Vicente Jorge Silva nasceu em 8 de novembro de 1945 e foi um jornalista marcante na sociedade portuguesa. Chegou a ser deputado do PS num curto período, entre 2002 e 2004.
Além de primeiro diretor e co-fundador do jornal Público, Vicente Jorge Silva foi também chefe de redação e diretor-adjunto do jornal Expresso, tendo criado a revista deste semanário.
Ainda antes do 25 de Abril, Vicente Jorge Silva foi diretor do Comércio do Funchal, o jornal cor-de-rosa que marcou a esquerda radical nesse tempo.

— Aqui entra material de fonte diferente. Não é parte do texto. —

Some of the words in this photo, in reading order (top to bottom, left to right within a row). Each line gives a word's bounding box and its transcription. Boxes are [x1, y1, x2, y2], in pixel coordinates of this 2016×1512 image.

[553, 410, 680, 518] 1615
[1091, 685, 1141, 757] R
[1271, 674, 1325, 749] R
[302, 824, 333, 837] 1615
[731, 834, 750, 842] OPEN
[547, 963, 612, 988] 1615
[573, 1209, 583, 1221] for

O jornal Público de hoje lembra que o historiador Pacheco Pereira sintetizou* o papel do Comércio do Funchal nesse período: “O que tinha de diferente o Comércio do Funchal – e essa diferença valorizou-se com os anos – é que era único no sentido de que correspondia a uma área da esquerda radical, mas que não era sectária. [Na época] isso praticamente não existia em lado nenhum, a não ser mesmo em vésperas do 25 de Abril de 1974.”

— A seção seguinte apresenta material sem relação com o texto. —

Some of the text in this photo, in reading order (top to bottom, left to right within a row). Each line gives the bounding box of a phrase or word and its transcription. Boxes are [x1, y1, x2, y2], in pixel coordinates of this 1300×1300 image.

Apaixonado por cinema, Vicente Jorge Silva realizou o filme Porto Santo (1997) e as curtas metragens “O Limite e as Horas” (1961), “O Discurso do Poder” (1976), “Vicente Fotógrafo” (1978), “Bicicleta - Ou o Tempo Que a Terra Esqueceu” (1979)e “A Ilha de Colombo (1997)”.
* Na apresentação do livro Vicente Jorge Silva – Conversas com Isabel Lucas (Temas e Debates, 2013).